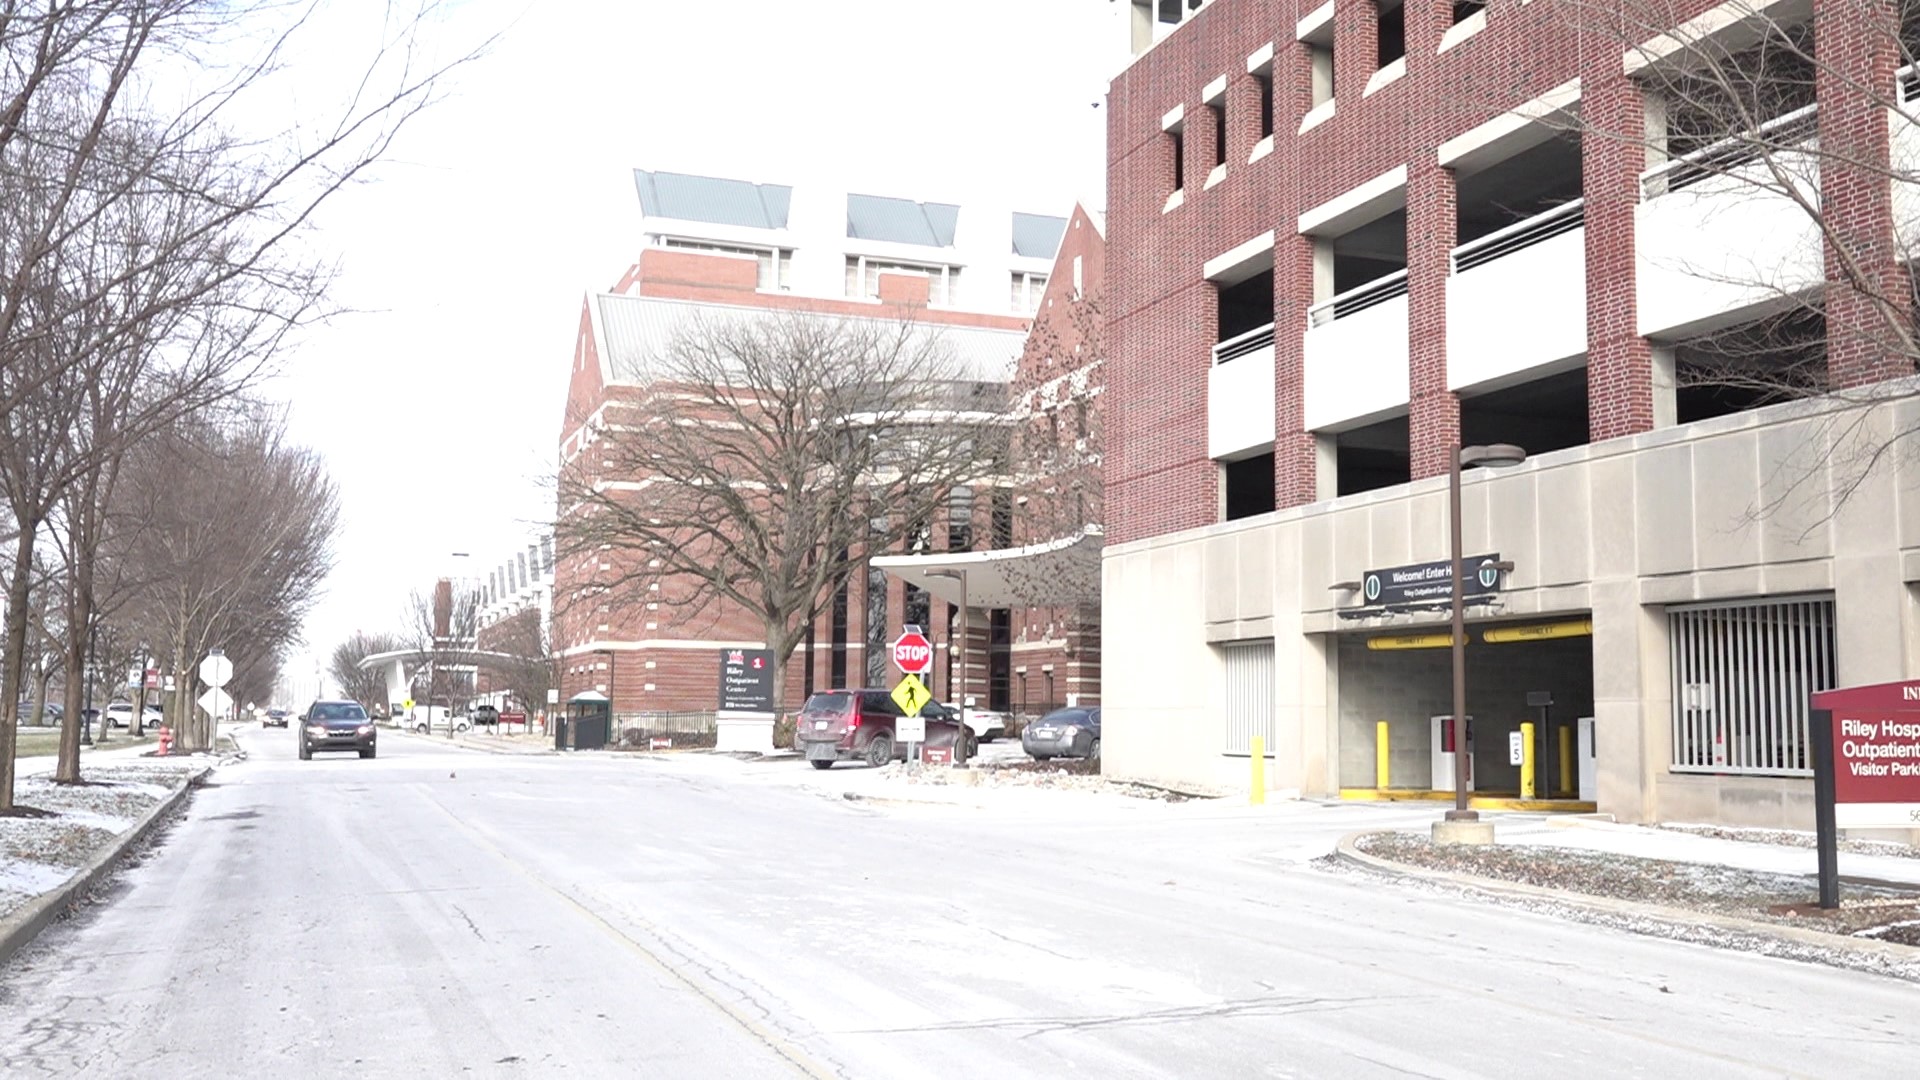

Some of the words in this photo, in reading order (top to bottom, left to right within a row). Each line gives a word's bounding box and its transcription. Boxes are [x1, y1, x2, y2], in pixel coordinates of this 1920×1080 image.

[1393, 569, 1425, 583] Welcome!
[1426, 567, 1445, 579] Enter
[896, 645, 929, 661] STOP
[753, 657, 762, 669] 1
[727, 667, 743, 676] Riley
[726, 676, 759, 685] Outpatient
[726, 685, 747, 693] Center
[1903, 686, 1920, 701] IN
[1841, 719, 1878, 741] Riley
[1881, 719, 1920, 741] Hosp
[1514, 748, 1519, 761] 5
[1842, 740, 1920, 761] Outpatient
[1849, 762, 1889, 776] Visitor
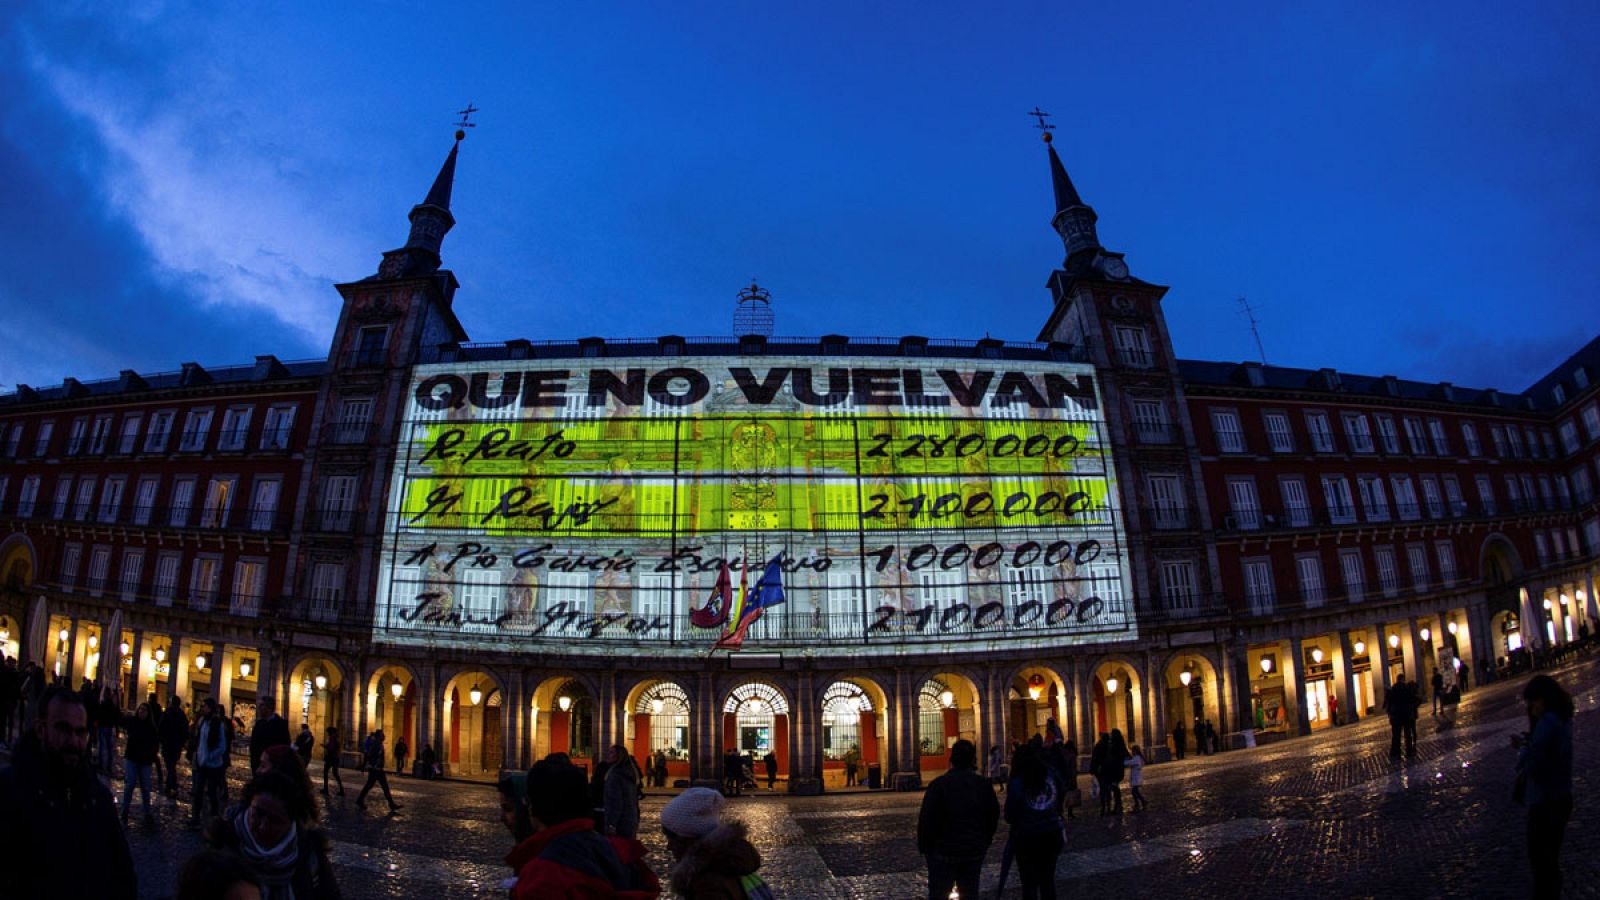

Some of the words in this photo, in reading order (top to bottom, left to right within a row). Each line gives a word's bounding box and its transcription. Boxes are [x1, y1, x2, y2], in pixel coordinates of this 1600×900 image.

[415, 370, 570, 409] QUE
[588, 367, 710, 406] NO
[728, 367, 1098, 409] VUELVAN
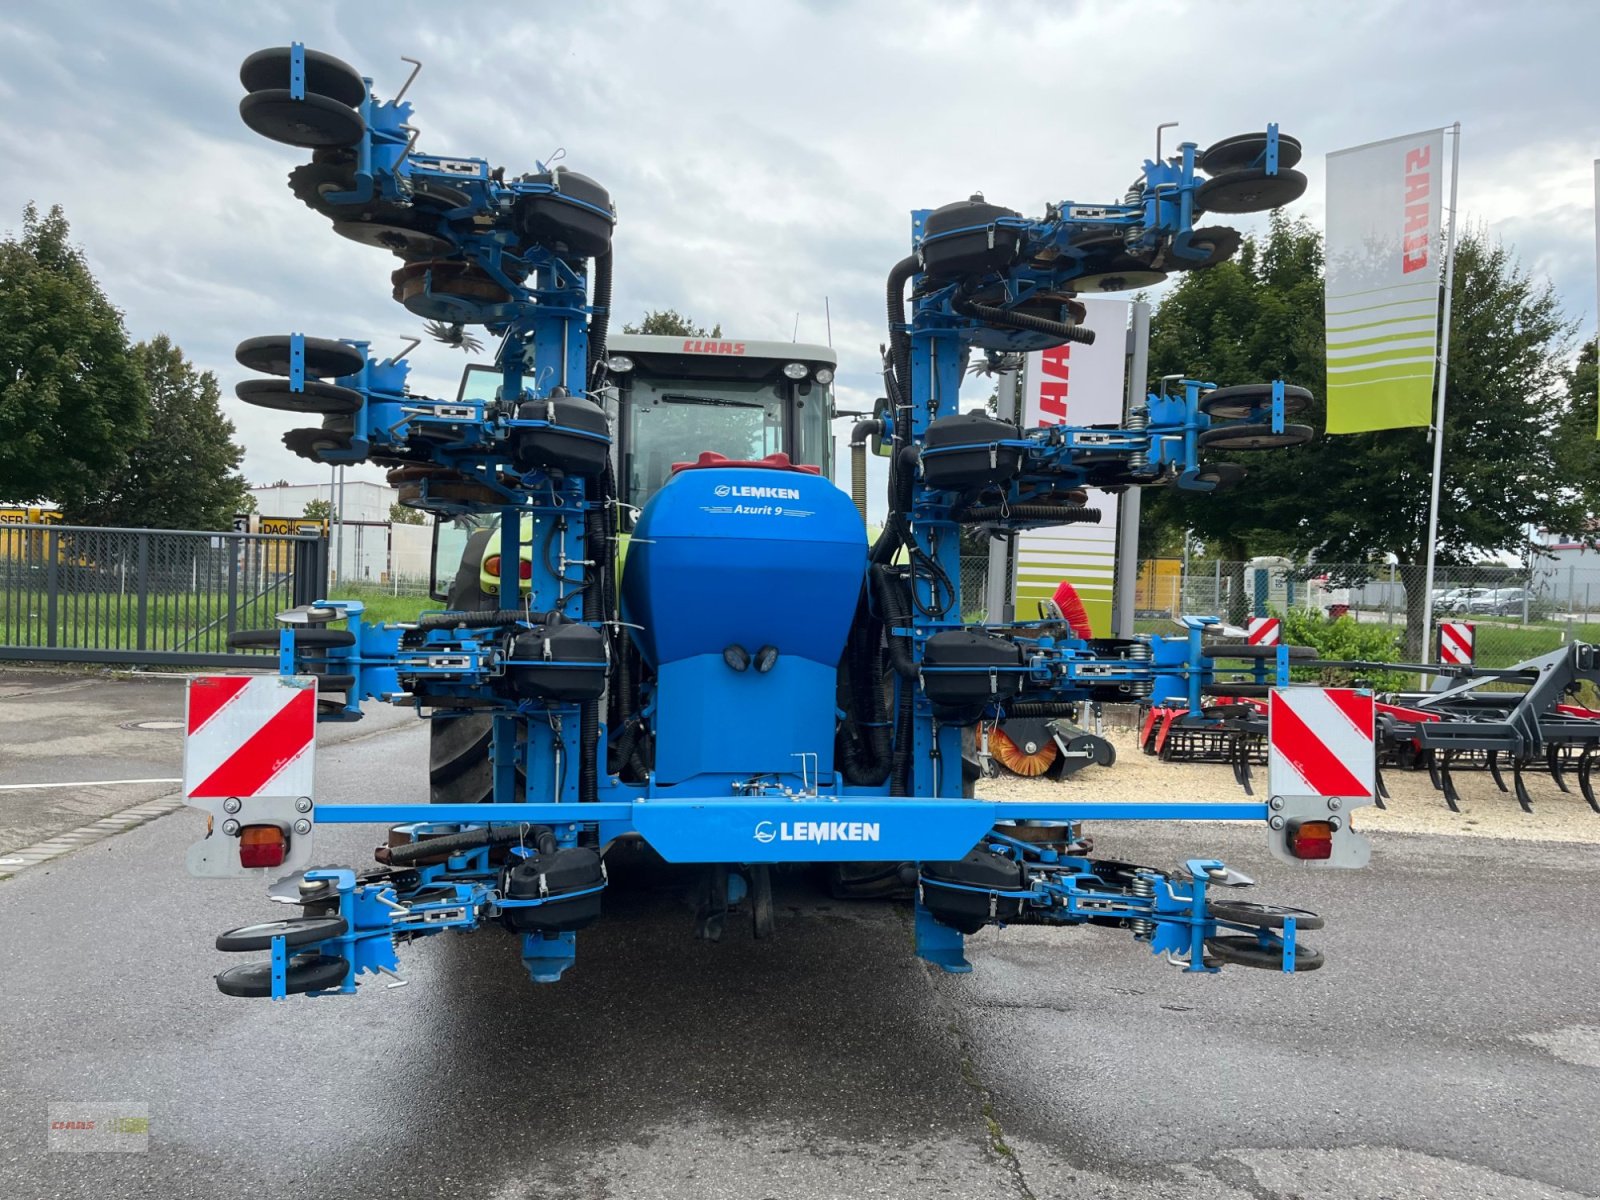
:::::
Exercise details. Give back exactly the lines from the line with "this 1600×900 image." through the end of the material above, inclusive, with no pictures.

Written reply.
Some of the words in this photo, in reading order (top to bottom, left to right within a row). Each line gives a word's bounding box and its transcription. Boxes are [x1, y1, x2, y2], in pixel coordinates of this 1600×900 image.

[415, 370, 570, 409] QUE
[588, 367, 710, 406] NO
[728, 367, 1098, 409] VUELVAN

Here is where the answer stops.